-- Posted Monday, 13 February 2012 | | Disqus
By Gordon T. Long
This gigantic flood of extremely inexpensive high-powered money does have a major impact, not in the real economy, but in the liquid investment markets.
Free money sets a very low hurdle for a short-term investment and as long as the transaction has decent liquidity, why not do the trade. As a result, almost every equity, commodity, and credit market is moving higher.
High beta currencies are moving higher as well, as risk is clearly on the front foot. This positive mood began at the start of October, a bit more than a week after Bernanke announced the start of ‘Operation Twist,’ a subtle way to improve the profits of the banks and increase the risk of the Fed without expanding its balance sheet.
Global equity markets began to climb.
· Bernanke then announced an expansion and cheapening of the US swap lines with Europe, which currently have $103 billion outstanding, adding massively to Europe and Japan’s liquidity.
· Mario Draghi’s move into the ECB Presidency on November 1 was the next harbinger of a new wave of liquidity, as he dropped the refinancing rate a few days later.
· Then Draghi announced the LTRO on December 8, expanding the ECB balance sheet by over 4% of the GDP in one day later in the month.
· By the end of December things were clearly moving up in all the traded markets.
· Bernanke put the cherry on the top of the sundae not once, but several times in the last few weeks.
o First, he announced that US rates would be extremely low into late 2014,
o Then, a bit later, he emphasized the likelihood of QE3 if there were any economic pause,
o Then Tuesday he told the US Senate that he was not happy with the way the economy was growing – more hopes for QE3.

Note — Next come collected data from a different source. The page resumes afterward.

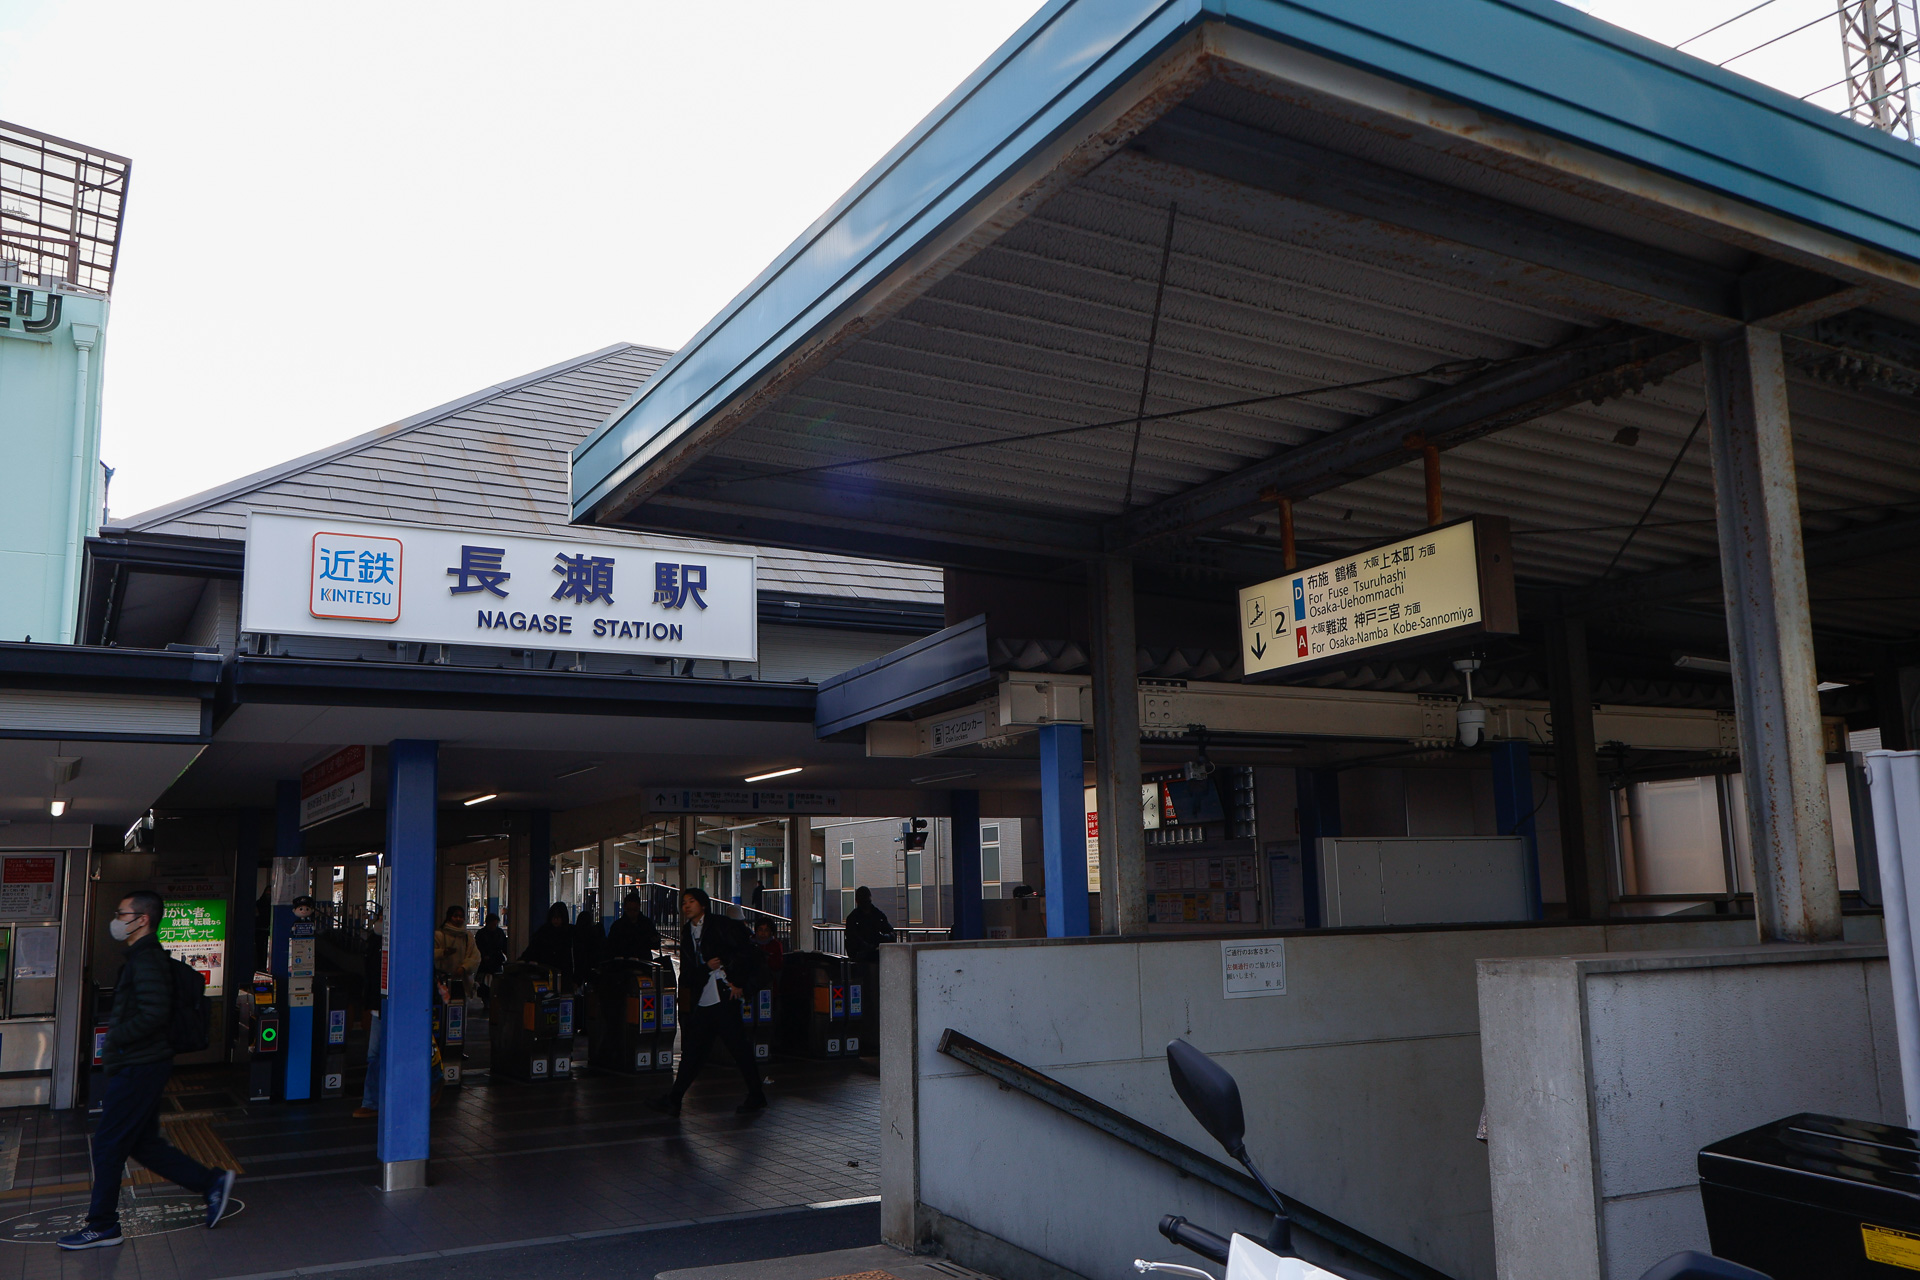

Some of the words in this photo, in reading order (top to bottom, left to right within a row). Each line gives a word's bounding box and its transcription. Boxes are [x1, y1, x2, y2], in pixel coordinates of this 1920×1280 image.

[319, 547, 394, 585] 近鉄
[1307, 571, 1330, 590] 布施
[1334, 562, 1358, 583] 鶴橋
[1418, 543, 1436, 559] 方面
[446, 545, 709, 611] 長瀬駅
[1308, 590, 1324, 605] For
[1328, 586, 1349, 601] Fuse
[1353, 567, 1407, 593] Tsuruhashi
[320, 587, 392, 606] KINTETSU
[1294, 586, 1303, 601] D
[1309, 581, 1405, 618] Osaka-Uehommachi
[1354, 603, 1401, 629] 神戸三宮
[1403, 601, 1421, 617] 方面
[476, 609, 573, 634] NAGASE
[593, 618, 684, 642] STATION
[1274, 611, 1287, 635] 2
[1311, 641, 1325, 655] For
[1329, 625, 1389, 650] Osaka-Namba
[1392, 606, 1474, 636] Kobe-Sannomiya
[1298, 636, 1307, 649] A
[945, 718, 983, 735] コインロッカー
[160, 929, 214, 939] クローバーナビ
[1226, 948, 1275, 957] ご通行のお客さまへ
[1226, 961, 1282, 970] 左側通行のご協力をお
[759, 1046, 765, 1055] 6
[831, 1041, 837, 1050] 6
[850, 1041, 855, 1049] 7
[557, 1059, 565, 1070] 4
[640, 1055, 647, 1064] 4
[662, 1053, 668, 1063] 5
[537, 1062, 543, 1071] 3
[448, 1069, 455, 1079] 3
[328, 1076, 337, 1086] 2
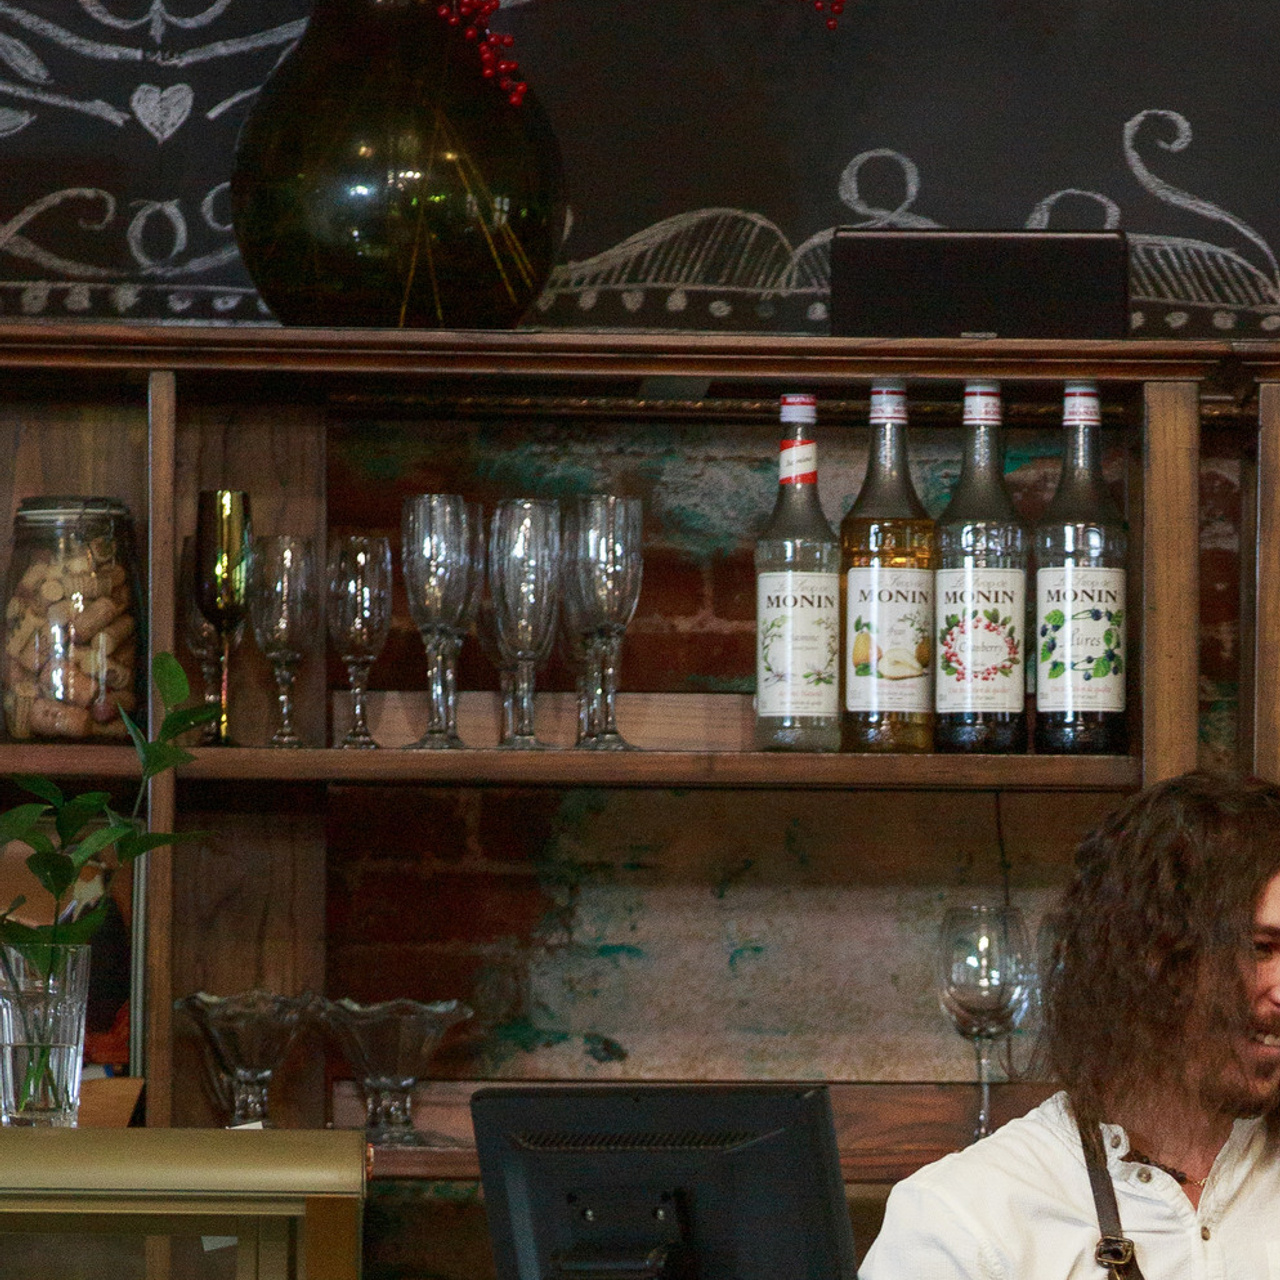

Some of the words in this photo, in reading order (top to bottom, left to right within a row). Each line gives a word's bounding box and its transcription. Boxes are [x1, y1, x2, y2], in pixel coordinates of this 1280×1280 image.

[766, 595, 835, 609] MONIN
[858, 589, 930, 604] MONIN
[944, 590, 1015, 604] MONIN
[1046, 589, 1118, 603] MONIN

FOLKS, WE ARE JUST GETTING STARTED HERE!
$10 Trillion increase in Central Bank Balance Sheets
This is a rate of $5 Trillion in 3 years since the fall of 2008 or 1.67 Trillion per year.

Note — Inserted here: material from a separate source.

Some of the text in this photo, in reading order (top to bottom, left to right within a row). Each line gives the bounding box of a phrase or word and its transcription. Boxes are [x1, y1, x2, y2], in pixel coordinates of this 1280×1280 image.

This means in the last 90 days of market lift there has been $420 Billion of 'hot money'.
This is nearly the size of the US $700 Billion TARP program which took 18 months to implement.
As the markets always respond to monetary stimulus when the trend is already positive, prices will be forced even higher. Although we can’t be positive about the real economy, this expanding liquidity will keep us happy until a political accident intervenes.
Europe offers some candidates: Greece in March, followed by France in April.
CANARIES IN THE COAL MINE
Here is the real shocker and what is most alarming.
THE MONEY IS NOT FLOWING INTO THE US STOCK MARKET!!!!
Rising markets do not demonstrate the following characteristics which are highlighted with charts in this month's Market Analytics & Technical Analysis report.
1. No Volume & contracting,
2. Low Volatility & shrinking,
3. Contracting Margin,
4. Contracting Short Positions,
5. Historically elevated Overbought readings.
So how could the market rise then? Below is our initial chart with a different perspective.
The red area of the S&P 500 (SPY Spyder ETF) chart above reflects an approximate 6% rise. The chart to the right, of the US$:Euro cross, shows a 6% rebound in precisely the same time frame.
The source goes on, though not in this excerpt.